Sovereign Development Fund doubles in one year

Finance Minister Ibrahim Ameer responds to questions at the Parliament on October 8, 2019. (Photo/People's Majlis)

Finance Minister Ibrahim Ameer has announced that the balance of Sovereign Development Fund of Maldives has nearly doubled in just under one year.

The SDF is a contingency fund established in 2016 for utilization in case of difficulty in national debt repayment or economic crisis.

The SDF is managed by the central bank, MMA, separate from the state reserve.

The money into the SDF flows in from the airport development fee and Maldives Airports Company Limited (MACL)’s dividend.

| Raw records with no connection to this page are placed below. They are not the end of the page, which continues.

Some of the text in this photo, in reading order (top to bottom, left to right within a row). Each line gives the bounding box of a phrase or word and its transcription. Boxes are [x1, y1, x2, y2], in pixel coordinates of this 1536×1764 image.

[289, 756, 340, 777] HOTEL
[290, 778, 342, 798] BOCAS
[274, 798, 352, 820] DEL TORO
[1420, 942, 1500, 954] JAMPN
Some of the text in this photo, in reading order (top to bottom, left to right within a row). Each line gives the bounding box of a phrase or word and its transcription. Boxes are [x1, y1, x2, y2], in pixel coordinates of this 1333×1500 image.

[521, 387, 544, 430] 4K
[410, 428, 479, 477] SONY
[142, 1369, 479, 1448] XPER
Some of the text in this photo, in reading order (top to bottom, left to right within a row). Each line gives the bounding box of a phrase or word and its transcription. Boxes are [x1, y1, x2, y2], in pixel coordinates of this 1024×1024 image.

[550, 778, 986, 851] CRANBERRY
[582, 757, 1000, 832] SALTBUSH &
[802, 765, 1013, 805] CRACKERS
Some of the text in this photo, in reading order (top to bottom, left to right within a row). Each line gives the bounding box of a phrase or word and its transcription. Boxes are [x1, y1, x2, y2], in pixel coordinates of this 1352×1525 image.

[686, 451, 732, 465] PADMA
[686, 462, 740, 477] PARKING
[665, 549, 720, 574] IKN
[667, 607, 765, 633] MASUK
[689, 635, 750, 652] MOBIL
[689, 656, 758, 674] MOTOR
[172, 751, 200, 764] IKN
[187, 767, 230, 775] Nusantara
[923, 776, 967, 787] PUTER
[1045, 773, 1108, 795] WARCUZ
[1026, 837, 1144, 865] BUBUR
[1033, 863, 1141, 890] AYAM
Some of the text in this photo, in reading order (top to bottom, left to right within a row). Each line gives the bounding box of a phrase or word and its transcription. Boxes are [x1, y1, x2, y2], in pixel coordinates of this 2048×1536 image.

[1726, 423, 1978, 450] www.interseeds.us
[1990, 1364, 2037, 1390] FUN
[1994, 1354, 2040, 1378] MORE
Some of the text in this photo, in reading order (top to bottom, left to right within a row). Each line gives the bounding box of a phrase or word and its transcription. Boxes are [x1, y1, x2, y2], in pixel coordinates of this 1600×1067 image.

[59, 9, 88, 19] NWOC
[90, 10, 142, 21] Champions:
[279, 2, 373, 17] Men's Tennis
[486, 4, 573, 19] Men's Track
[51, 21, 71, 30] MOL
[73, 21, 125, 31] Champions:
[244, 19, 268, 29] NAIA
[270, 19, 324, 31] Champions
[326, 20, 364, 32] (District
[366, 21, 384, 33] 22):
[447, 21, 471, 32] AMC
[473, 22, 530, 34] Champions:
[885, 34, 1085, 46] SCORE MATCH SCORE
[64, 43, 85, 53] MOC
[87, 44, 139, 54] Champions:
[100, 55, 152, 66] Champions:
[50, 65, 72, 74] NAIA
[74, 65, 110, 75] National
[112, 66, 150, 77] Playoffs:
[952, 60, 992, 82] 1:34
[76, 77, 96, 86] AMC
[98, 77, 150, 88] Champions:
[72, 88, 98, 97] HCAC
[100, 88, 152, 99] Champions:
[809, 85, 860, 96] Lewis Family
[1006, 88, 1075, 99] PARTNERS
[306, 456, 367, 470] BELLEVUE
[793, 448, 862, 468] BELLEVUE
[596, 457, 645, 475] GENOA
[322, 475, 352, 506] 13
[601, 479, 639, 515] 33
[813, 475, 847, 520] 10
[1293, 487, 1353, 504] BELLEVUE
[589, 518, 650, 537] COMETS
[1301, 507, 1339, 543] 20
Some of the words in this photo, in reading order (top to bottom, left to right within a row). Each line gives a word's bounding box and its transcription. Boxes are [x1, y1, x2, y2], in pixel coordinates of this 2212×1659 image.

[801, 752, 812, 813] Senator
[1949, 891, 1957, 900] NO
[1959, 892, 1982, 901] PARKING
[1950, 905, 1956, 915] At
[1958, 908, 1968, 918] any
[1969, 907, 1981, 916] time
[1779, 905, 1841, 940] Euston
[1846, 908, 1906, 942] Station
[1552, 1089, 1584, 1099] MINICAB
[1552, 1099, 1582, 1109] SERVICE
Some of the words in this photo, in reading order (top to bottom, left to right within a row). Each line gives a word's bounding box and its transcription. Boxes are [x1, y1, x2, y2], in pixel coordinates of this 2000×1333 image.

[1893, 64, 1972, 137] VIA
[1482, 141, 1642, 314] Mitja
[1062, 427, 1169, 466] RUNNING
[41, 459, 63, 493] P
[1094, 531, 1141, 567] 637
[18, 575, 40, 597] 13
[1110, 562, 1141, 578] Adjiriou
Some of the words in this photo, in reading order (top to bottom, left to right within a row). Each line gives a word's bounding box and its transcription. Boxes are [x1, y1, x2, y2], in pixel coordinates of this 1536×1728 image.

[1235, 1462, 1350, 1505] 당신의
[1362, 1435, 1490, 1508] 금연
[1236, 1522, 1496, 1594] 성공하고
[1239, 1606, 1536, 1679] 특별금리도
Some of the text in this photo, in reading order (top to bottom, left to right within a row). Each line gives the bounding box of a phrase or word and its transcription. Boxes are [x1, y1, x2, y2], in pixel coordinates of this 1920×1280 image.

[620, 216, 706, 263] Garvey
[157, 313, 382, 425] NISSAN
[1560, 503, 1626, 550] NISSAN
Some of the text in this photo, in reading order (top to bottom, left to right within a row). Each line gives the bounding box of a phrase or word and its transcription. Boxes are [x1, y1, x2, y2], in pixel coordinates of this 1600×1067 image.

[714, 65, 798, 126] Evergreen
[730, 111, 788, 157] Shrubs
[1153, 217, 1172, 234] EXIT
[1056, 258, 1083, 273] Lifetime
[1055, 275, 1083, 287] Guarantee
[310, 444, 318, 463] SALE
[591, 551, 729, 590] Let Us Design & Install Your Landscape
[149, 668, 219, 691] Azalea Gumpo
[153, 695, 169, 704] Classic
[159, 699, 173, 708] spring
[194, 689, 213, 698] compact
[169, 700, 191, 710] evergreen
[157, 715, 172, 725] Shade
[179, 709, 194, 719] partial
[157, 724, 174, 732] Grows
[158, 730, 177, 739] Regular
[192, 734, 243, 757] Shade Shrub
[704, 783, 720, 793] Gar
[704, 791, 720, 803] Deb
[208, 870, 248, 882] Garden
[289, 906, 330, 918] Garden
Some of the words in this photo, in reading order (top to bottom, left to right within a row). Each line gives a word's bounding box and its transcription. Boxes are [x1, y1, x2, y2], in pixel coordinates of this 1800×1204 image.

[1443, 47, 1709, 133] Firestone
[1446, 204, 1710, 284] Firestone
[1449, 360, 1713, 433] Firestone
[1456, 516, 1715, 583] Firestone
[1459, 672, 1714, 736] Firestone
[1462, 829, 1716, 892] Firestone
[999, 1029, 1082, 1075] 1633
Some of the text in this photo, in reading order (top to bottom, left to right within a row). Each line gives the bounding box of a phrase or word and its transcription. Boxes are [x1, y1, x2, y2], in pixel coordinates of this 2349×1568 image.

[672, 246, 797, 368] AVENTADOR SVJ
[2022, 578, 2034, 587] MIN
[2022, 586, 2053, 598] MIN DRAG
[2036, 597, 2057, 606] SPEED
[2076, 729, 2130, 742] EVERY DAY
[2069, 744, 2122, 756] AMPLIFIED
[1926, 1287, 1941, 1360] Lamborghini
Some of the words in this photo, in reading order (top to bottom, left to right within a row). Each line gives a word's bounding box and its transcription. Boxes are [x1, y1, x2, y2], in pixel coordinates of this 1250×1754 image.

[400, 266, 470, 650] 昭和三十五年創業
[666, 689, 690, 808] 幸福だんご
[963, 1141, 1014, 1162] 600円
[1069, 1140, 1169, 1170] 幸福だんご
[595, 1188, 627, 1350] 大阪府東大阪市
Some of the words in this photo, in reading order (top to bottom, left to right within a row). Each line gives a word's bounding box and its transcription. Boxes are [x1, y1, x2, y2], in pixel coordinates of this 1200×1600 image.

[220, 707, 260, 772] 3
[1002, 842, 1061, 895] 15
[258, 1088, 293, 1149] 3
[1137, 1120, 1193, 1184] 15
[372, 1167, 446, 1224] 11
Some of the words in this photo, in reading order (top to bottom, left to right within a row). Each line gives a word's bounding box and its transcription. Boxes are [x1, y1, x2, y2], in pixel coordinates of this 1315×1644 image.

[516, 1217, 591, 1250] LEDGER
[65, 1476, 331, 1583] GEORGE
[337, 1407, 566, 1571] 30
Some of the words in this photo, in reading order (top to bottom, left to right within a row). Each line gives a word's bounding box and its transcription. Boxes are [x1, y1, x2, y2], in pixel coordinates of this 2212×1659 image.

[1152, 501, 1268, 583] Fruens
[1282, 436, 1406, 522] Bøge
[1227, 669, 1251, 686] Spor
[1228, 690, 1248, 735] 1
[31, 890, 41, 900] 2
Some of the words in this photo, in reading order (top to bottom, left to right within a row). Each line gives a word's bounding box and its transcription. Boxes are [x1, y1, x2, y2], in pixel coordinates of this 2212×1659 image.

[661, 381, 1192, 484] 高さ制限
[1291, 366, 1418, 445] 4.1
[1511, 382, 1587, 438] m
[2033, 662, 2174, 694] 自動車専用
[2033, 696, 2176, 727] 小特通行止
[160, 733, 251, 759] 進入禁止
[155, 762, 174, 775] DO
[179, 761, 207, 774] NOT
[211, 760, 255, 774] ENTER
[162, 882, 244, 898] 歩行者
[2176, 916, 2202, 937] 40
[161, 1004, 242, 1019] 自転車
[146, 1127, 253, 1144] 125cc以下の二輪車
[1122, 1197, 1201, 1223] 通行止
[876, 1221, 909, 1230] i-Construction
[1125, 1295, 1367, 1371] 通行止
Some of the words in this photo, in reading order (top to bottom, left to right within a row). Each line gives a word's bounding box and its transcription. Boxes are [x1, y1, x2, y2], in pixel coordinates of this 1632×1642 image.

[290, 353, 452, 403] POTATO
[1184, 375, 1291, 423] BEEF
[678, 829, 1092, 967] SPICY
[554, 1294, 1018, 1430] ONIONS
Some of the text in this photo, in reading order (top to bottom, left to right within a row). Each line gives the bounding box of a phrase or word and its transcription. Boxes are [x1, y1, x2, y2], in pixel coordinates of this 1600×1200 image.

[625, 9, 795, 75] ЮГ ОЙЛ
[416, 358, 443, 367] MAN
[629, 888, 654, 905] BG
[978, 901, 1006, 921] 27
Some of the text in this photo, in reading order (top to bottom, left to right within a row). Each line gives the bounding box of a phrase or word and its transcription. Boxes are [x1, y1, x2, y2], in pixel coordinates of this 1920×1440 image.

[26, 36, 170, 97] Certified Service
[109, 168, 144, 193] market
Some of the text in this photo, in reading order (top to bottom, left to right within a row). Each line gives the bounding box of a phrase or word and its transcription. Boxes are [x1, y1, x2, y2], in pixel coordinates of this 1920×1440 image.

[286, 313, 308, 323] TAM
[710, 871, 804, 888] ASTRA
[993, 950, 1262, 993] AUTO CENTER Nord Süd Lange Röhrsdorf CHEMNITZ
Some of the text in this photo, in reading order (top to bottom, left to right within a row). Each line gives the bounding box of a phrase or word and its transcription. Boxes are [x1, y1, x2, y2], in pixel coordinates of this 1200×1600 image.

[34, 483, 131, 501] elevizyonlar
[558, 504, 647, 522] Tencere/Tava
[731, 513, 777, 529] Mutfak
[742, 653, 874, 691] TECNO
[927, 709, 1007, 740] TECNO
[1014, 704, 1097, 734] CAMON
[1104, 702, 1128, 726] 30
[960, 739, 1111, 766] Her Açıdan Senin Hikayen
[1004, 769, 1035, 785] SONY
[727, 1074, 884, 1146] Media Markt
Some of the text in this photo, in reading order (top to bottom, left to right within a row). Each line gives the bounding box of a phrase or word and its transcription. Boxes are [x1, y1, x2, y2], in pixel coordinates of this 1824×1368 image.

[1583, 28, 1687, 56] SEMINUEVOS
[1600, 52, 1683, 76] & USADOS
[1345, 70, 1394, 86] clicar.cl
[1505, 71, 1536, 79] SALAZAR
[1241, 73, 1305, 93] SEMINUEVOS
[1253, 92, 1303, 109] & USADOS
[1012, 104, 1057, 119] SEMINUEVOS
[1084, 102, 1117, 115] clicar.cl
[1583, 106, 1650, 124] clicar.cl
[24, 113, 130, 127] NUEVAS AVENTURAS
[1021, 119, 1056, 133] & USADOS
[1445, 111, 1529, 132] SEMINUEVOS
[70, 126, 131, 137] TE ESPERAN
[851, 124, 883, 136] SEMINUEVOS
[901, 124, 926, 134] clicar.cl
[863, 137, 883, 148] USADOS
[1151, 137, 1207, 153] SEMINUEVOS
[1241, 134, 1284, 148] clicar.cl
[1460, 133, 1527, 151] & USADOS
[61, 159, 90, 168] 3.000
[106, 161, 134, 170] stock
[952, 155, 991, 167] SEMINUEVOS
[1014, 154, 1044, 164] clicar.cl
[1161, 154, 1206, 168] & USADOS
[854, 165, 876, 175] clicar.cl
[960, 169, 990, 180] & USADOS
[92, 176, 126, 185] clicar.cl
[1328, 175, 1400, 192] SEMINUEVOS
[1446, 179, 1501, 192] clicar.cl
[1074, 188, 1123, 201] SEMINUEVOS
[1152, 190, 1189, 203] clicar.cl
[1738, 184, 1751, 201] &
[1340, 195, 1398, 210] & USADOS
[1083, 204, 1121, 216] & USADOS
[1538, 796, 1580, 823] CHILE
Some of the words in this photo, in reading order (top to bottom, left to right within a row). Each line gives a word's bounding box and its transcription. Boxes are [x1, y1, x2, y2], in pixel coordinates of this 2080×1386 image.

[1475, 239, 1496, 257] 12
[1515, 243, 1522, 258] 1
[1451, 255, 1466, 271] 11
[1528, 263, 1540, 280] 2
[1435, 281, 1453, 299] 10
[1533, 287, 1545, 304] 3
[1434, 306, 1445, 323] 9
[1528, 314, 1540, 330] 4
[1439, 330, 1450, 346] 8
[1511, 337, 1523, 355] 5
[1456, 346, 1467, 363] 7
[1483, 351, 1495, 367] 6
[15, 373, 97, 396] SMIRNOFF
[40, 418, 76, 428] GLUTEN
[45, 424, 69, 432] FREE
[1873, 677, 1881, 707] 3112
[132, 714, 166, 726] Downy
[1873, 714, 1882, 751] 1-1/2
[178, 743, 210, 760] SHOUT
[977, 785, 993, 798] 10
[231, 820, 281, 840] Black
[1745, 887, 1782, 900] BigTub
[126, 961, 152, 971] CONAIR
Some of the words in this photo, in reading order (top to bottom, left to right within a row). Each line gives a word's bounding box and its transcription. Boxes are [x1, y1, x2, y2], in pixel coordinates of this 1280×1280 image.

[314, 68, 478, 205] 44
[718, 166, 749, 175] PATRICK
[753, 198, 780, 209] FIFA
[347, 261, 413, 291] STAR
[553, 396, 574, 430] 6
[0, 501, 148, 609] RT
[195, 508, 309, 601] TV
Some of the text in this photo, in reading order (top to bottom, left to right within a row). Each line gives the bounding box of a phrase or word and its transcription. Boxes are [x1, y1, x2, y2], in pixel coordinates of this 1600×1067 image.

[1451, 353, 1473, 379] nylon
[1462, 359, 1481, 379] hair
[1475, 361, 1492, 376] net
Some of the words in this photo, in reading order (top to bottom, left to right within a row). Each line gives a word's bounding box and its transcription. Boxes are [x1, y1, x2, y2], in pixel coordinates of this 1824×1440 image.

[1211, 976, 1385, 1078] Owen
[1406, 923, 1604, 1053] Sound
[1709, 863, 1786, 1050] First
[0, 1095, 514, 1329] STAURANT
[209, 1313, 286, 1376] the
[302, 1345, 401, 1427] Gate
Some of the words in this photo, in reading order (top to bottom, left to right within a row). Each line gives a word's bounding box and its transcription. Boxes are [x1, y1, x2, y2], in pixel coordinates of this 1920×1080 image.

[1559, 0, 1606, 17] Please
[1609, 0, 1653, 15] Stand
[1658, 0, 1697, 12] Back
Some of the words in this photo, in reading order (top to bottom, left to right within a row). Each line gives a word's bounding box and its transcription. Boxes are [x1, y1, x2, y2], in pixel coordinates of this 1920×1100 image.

Finance Minister Ibrahim Ameer was questioned regarding the current value of the SDF during a ministerial questioning session at the Parliament this Tuesday.

Maavashu MP Mohamed Saeed said that the SDF had been valued at USD 100 million at the end of former Maldivian President Abdulla Yameen Abdul Gayoom’s administration in 2018, and asked the Finance Minister regarding the current value of the SDF.

In response, Ameer said that the SDF had been valued at USD 96.3 million when the current administration assumed power, and that it was valued at USD 181 million by October 3rd.

“The SDF’s balance as of September 30, 2018 – when we assumed power – the Sovereign Development Fund’s balance was at approximately 96.3 million. And the balance as of October 3, 2019 was at USD 181 million,” said Ameer.

The SDF is scheduled to be utilized for repayments of loans taken out for the national airport development project, the bridge development projects and other mega infrastructure development projects.

Ameer also announced that the central bank and Finance Ministry was currently in the process of drafting a legislature designed to tighten the financial controls of the fund. He said the legislature would be presented to the Parliament soon.

The Finance Minister also spoke of the USD 800 million line of credit facility awarded to Maldives by India as part of its aid package. Ameer said that the interest rate for the credit facility was 1.5 percent, and that it will be utilized for public sector investment projects.

“We will utilize this for our mega public sector proposals,” said Ameer.

The rest of the aid package is made up of USD 200 million in grant assistance and a USD 400 million currency swap facility between the Indian reserve bank and the Maldivian central bank.